La apoteosis creativa de Peter Weir vino de la mano de «Dead Poets Society» (1989), luego de veinte años de una carrera ilustre que incluyó piezas imprescindibles como Picnic at Hanging Rock, Gallipoli, The Year of Living Danngerously y Witness. (Ya luego no sería igual, a pesar de la sobrevalorada The Truman Show).
La máxima de la historia de Tom Schulman, un veterano guionista de obras menores, parte de un verso de Keats: «Sólo en sus sueños el hombre es libre». Y también, por supuesto, del viejo Whitman, aquel a quien Bolaño apuntaba como «culpable de muchos males». Y es que el Carpe Diem poético no es otra cosa que la aseveración de que la vida es ágil y se larga con presteza.

Dead Poets Society es una pieza estremecedora que linda con las fronteras de la maestría, así como los arenales de Chichuahua se extienden sobre el norte del México irrascible y el sur de la América decente. Y aunque las apetencias de Keats son apreciables, no dejan, sin embargo, de ser también fútiles y desesperanzadoras. Weir, en el espacio reducido (y al mismo tiempo infinito) de una escuela privada para jóvenes pre universitarios nos canta ese sueño libertario que se ha ido volviendo mustio en el arte occidental, nos muestra la heroicidad utópica de la libertad contra la opresión cotidiana del poder. En ese sentido, toda obra que apele al espíritu de la emancipación desde una perspectiva individual es admirable y atendible, aunque no por ello deja de ser naïve.

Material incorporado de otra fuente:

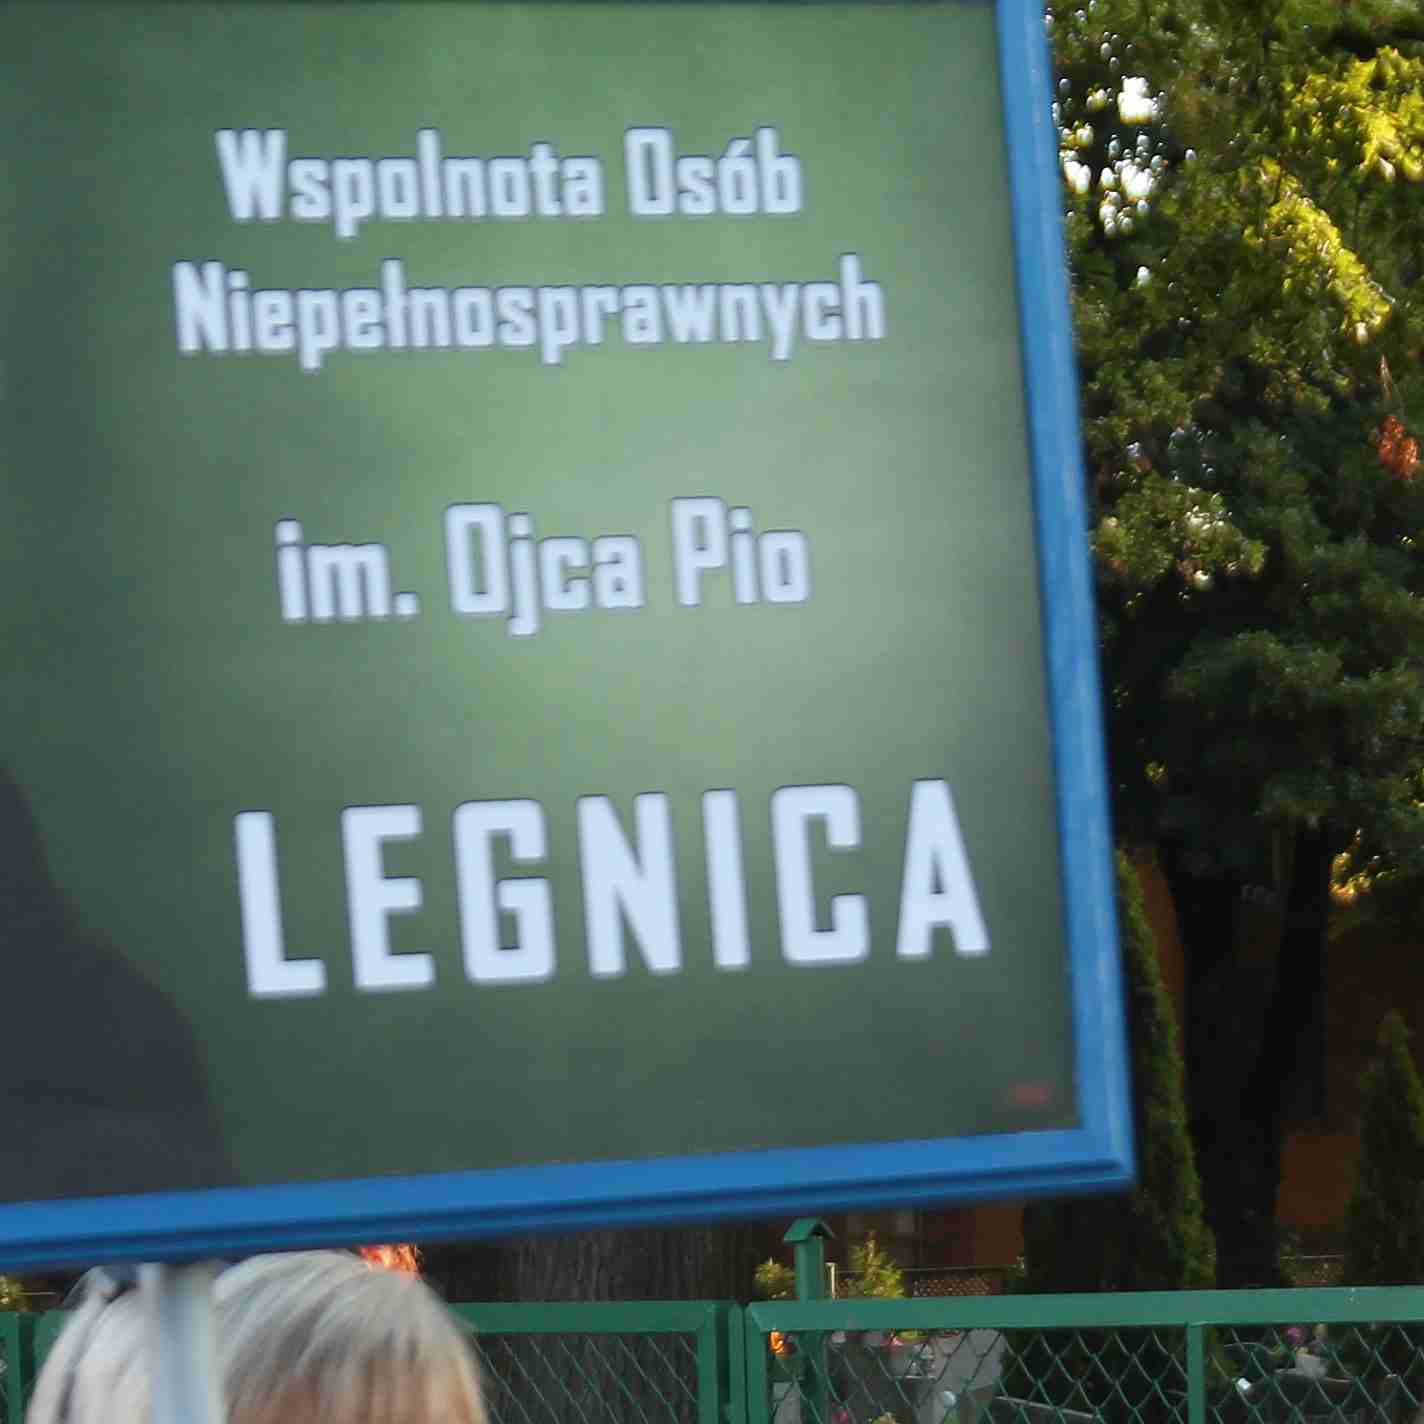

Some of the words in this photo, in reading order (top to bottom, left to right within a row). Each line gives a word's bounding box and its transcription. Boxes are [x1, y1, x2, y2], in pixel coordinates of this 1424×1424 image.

[219, 129, 602, 238] Wspolnota
[625, 128, 801, 216] Osób
[176, 254, 884, 370] Niepełnosprawnych
[278, 521, 418, 620] im.
[446, 504, 645, 637] Ojca
[670, 497, 810, 607] Pio
[238, 779, 987, 994] LEGNICA

Weir y Schulman son también, en cierta forma, proféticos y sabios, quizás por la propia auto conciencia que los anima acerca de que la historia es cíclica y la naturaleza de los hombres siempre idéntica y repetitiva. Mr. Keating es, no hay que decirlo, el cordero sacrificado por las hordas. “Ustedes no pueden salvar a Keating… pero se pueden salvar a sí mismos», nos dice el chivatón de turno, como si morara en estos tiempos.

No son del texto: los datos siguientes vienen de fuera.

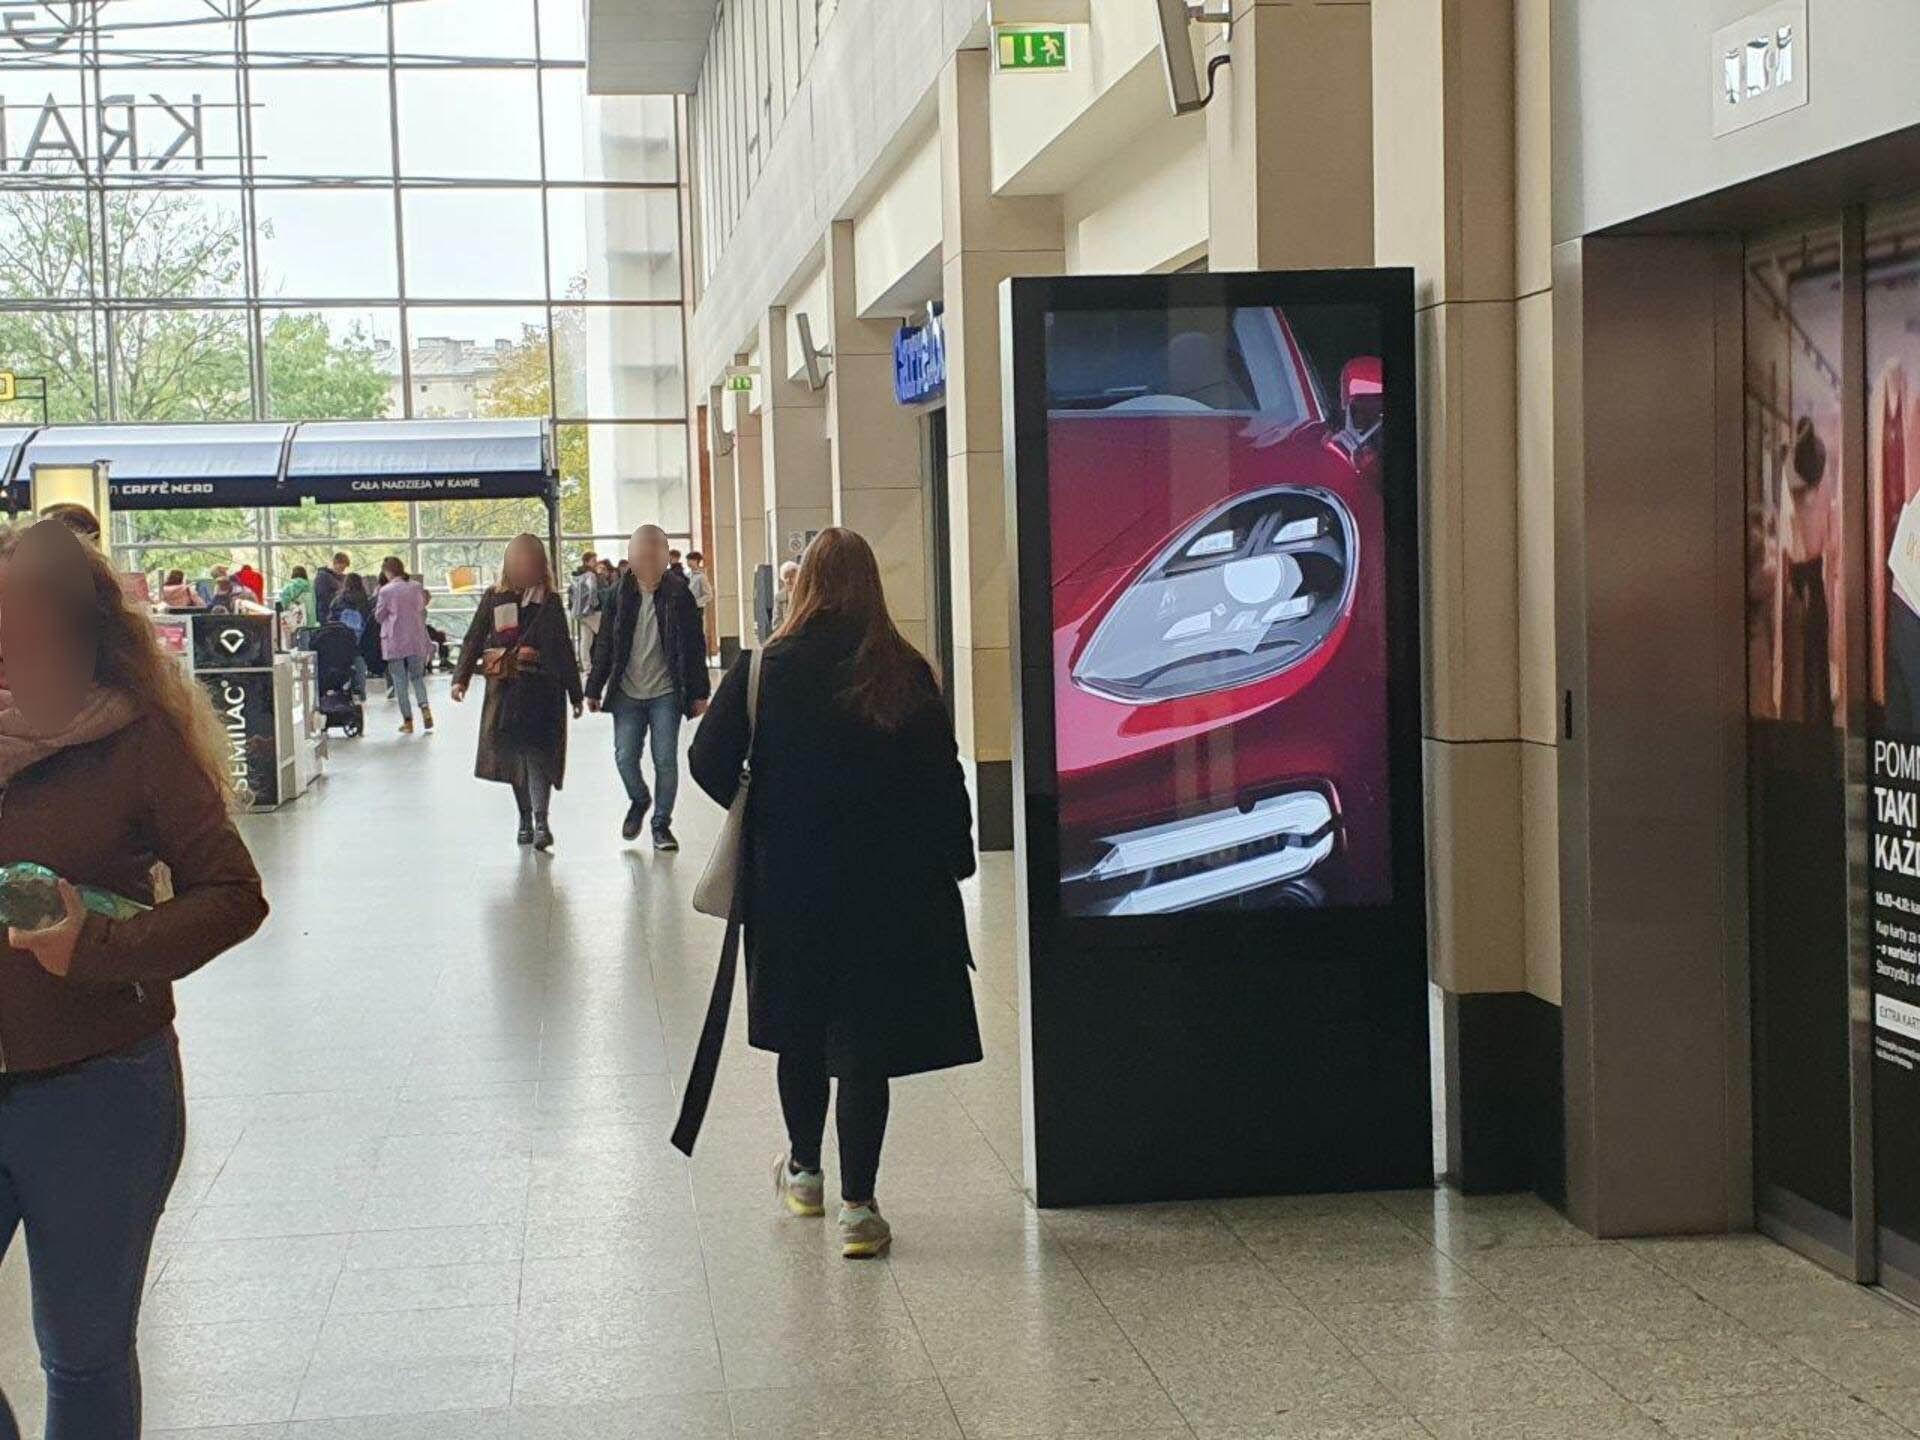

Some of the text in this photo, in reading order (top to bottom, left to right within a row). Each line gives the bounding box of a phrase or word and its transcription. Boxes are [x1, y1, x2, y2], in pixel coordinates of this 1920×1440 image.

[171, 483, 214, 494] NERO
[381, 480, 432, 490] NADZIEJA
[434, 479, 445, 488] W
[447, 478, 480, 488] KAWIE
[224, 686, 248, 791] SEMILAC

Dead Poets Society, como todas las grandes obras, también nos pertenece a todos, no desde la perspectiva comunitaria sino desde la razón ilustrada del individualismo. Hasta yo, un tipo criado en el barrio de La Creche, becado en uno de las inmisericordes (y al mismo tiempo memorables y nostálgicas) escuelas de Jaguey, donde no había espacio para la poesía, donde todo se trataba de la sobrevivencia y el carpe diem brutal de la existencia, me estremezco con aquel «Oh, captain my captain» con que los muchachos despidieron a su héroe sublime y redentor. O quizás me equivoco y sí era, efectivamente, poesía aquello que deambulaba entre pasillos, salones de clases y naranjales. Y es que el señor Keating nos acompañará por siempre, como el recordatorio eterno de que la vida pasa sin pausas ni descansos.